4

I am trying to connect to a ldap over ssl. I have generated a .jks file with the certificate entry. I do not want to import this to cacerts rather want to access it dynamically when i initialize the ldap connection.

if (sslAuth) {
        ldapHost = "ldaps://" + ldapHost;
    } else {
        ldapHost = "ldap://" + ldapHost;
    }
    Hashtable<Object, Object> env = new Hashtable<Object, Object>();
    env.put(Context.INITIAL_CONTEXT_FACTORY,
            "com.sun.jndi.ldap.LdapCtxFactory");
    env.put(Context.PROVIDER_URL, ldapHost);    
    env.put(Context.SECURITY_AUTHENTICATION, "simple");
    env.put(Context.SECURITY_PRINCIPAL, "userName");
    env.put(Context.SECURITY_CREDENTIALS, "password");      
    if (sslAuth) {
        System.setProperty("javax.net.ssl.trustStore", "C:\\temp\\AD-Cert-TrustStore.jks");
        System.setProperty("javax.net.ssl.trustStorePassword", "changeit");     
        env.put(DirContext.SECURITY_PROTOCOL, "ssl");
    }
    LdapContext ctx = new InitialLdapContext(env, null);
    return ctx;

But i am getting the below exception

 javax.naming.CommunicationException: simple bind failed: ldaphost:636 [Root exception is javax.net.ssl.SSLHandshakeException: sun.security.validator.ValidatorException: PKIX path building failed: sun.security.provider.certpath.SunCertPathBuilderException: unable to find valid certification path to requested target]
geekops
  • 505
  • 8
  • 21
  • You don't want to add it to `cacerts` why?
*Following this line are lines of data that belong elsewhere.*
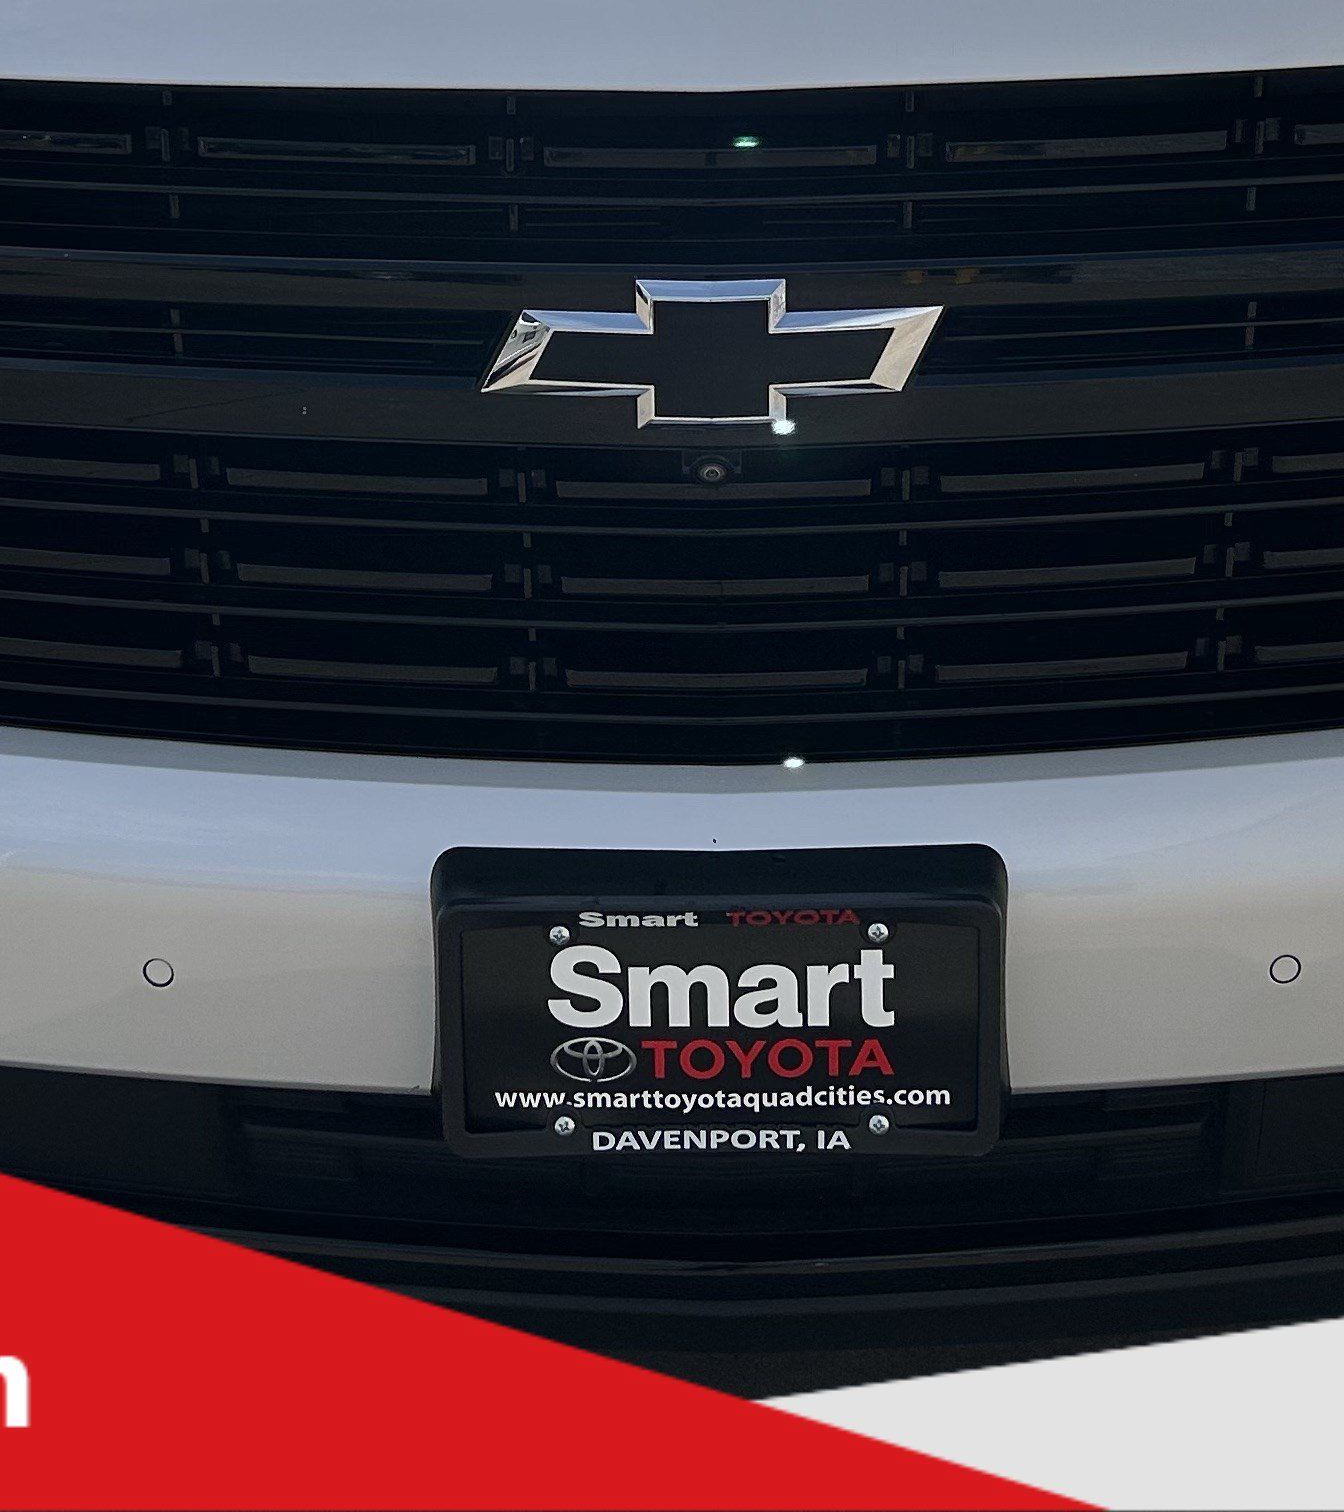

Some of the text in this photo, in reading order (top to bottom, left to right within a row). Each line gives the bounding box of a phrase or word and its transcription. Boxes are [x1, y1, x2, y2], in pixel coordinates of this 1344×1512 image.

[578, 909, 860, 928] Smart TOYOTA
[547, 944, 895, 1029] Smart
[641, 1038, 894, 1080] TOYOTA
[495, 1084, 951, 1113] www.smarttoyotaquadcities.com
[592, 1129, 852, 1152] DAVENPORT, IA
Your LDAP server is using a self-signed certificate why? – user207421 Nov 02 '17 at 09:11
  • i do not want to add it to the cacerts so in case i need to upgrade jre i need to this manually.Better option will be to use a custom socket which uses the certificate only during the Ldap connection. Problem is/was `System.setProperty("javax.net.ssl.trustStore", "C:\\temp\\AD-Cert-TrustStore.jks");` is not taking effect . – geekops Nov 02 '17 at 13:16
  • @user207421 I have similar problem, don't want to add to cacerts because in my case there will be many connections to different URLs and want to have them separated. – Wojciech Piotrowiak Aug 31 '18 at 06:15
  • Any answers this question? I'm having the same issue Java 8_191? I found somewhere else saying that you must use forward slash in your path on windows and not \\, but I tried that as well but no luck, – John Tkaczewski Nov 13 '18 at 21:05
  • Does this answer your question? [how to accept self-signed certificates for JNDI/LDAP connections?](https://stackoverflow.com/questions/4615163/how-to-accept-self-signed-certificates-for-jndi-ldap-connections) – Martin Sep 08 '21 at 09:51

1 Answers1

0

If all the necessary javax.net....-properties are correctly spelled and have correct values, there must be premature initialization of some ssl-aware objects. For example, if in your app SslRMIClientSocketFactory or SslRMIServerSocketFactory are created before setting those properties, then subsequent attempts to start ssl-connection even with new factories will behave as if the properties were not set.

user4751294
  • 11
  • 1